### Your goal
Make an exact copy of the records, omitting all images.

-- Supplied information follows --

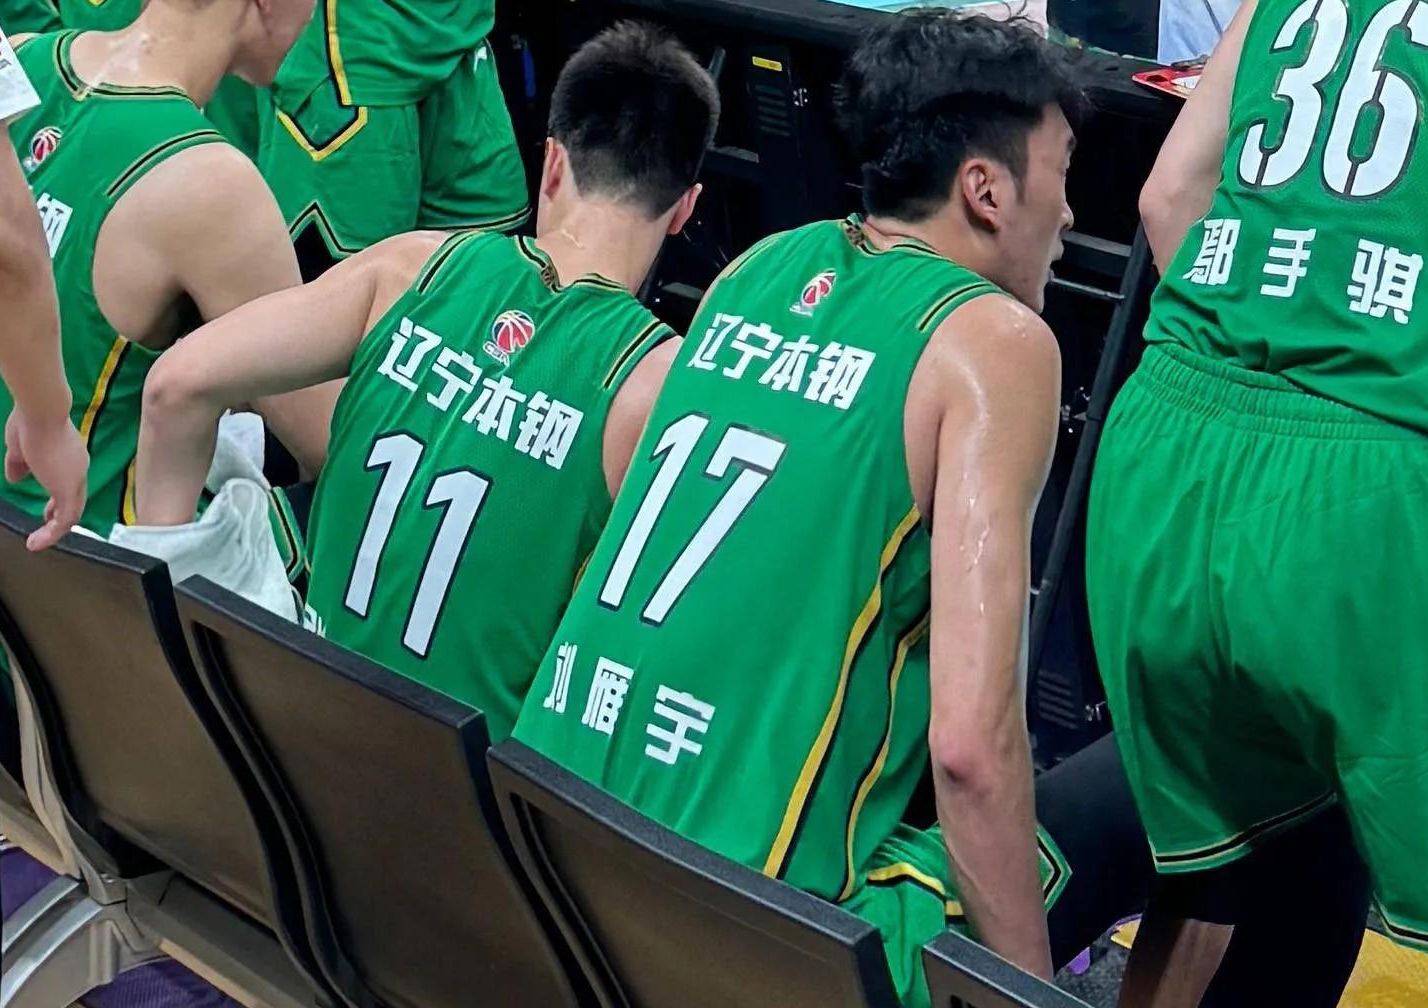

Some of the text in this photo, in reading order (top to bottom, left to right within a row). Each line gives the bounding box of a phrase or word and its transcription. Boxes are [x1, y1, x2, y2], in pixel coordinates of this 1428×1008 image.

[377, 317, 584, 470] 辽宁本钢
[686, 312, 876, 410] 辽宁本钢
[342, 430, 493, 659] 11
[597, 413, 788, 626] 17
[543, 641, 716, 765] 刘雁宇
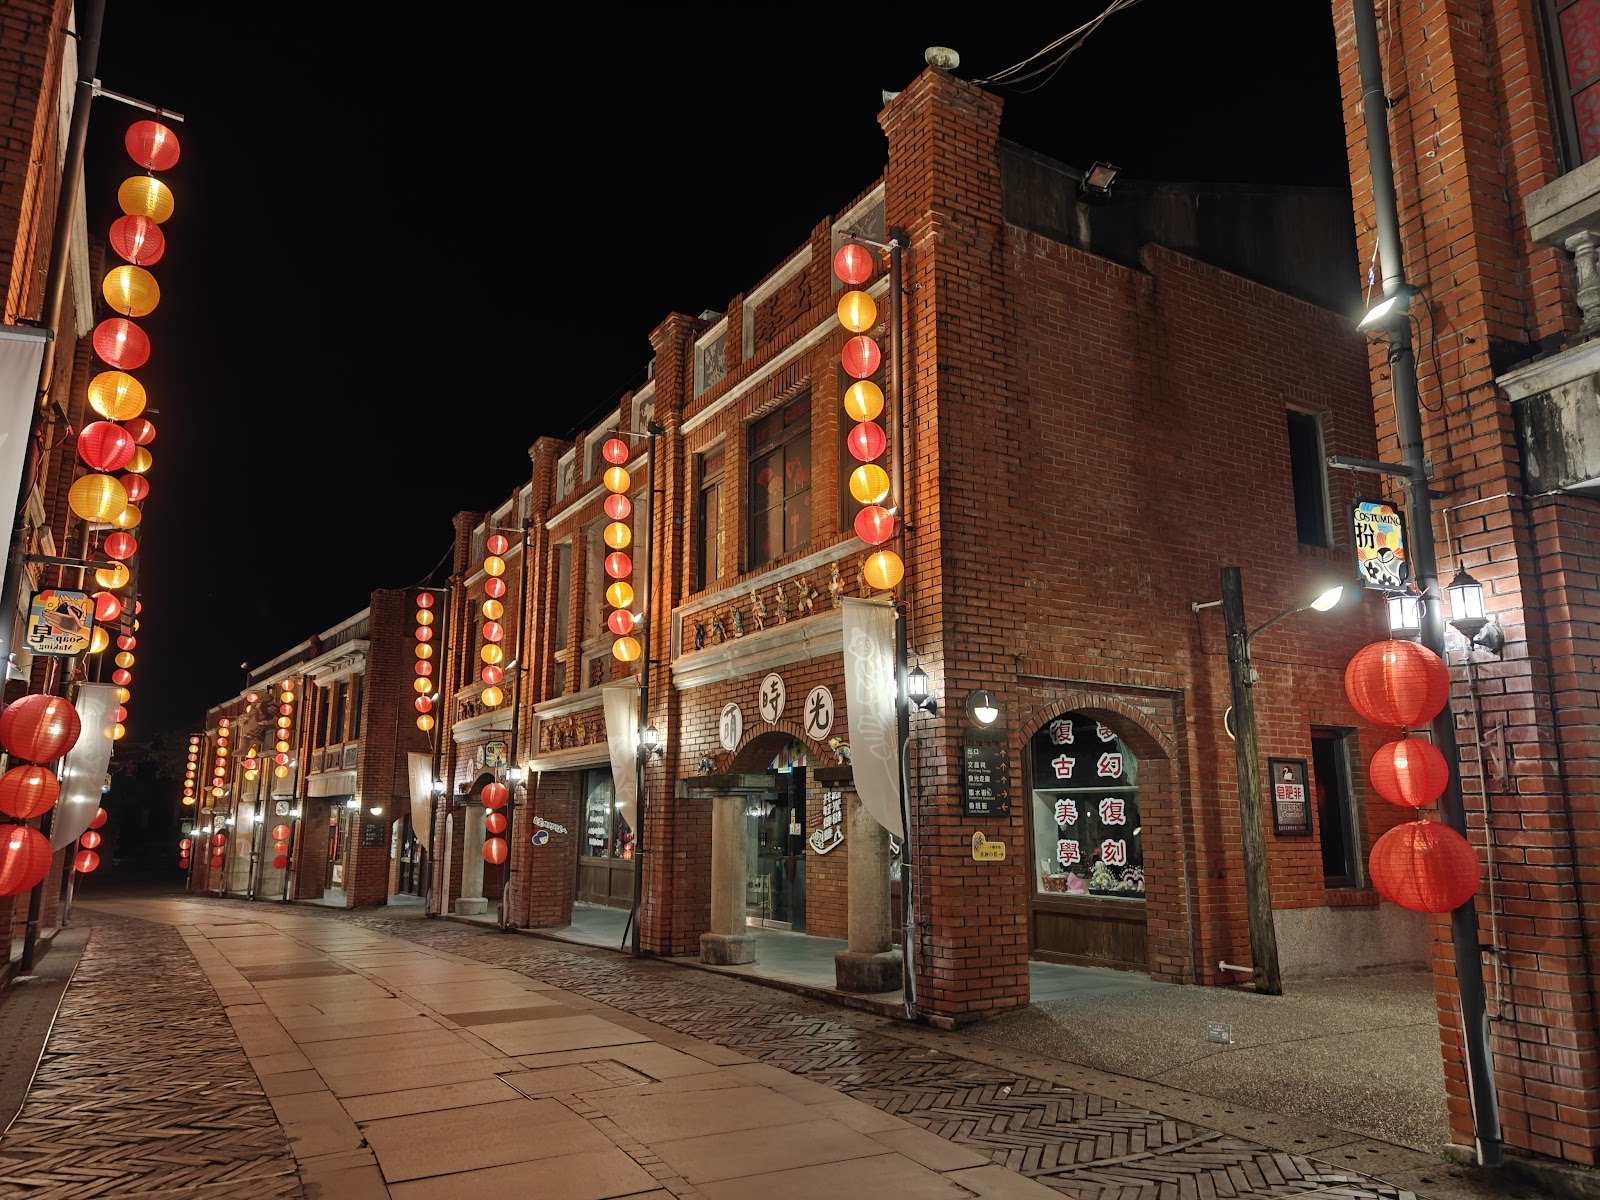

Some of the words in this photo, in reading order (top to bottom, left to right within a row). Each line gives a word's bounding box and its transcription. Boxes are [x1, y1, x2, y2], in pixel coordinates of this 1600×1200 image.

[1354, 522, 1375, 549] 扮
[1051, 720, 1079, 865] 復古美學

-- Supplied information concluded --

### Response to the task
Some of the text in this photo, in reading order (top to bottom, left to right within a row). Each line gives the bounding box of a phrase or word and its transcription. Boxes are [x1, y1, x2, y2], in pixel coordinates of this 1428×1008 image.

[377, 317, 584, 470] 辽宁本钢
[686, 312, 876, 410] 辽宁本钢
[342, 430, 493, 659] 11
[597, 413, 788, 626] 17
[543, 641, 716, 765] 刘雁宇

Some of the words in this photo, in reading order (top to bottom, left to right within a row). Each line gives a word's bounding box and its transcription. Boxes are [x1, y1, x2, y2], in pixel coordinates of this 1600×1200 image.

[1354, 522, 1375, 549] 扮
[1051, 720, 1079, 865] 復古美學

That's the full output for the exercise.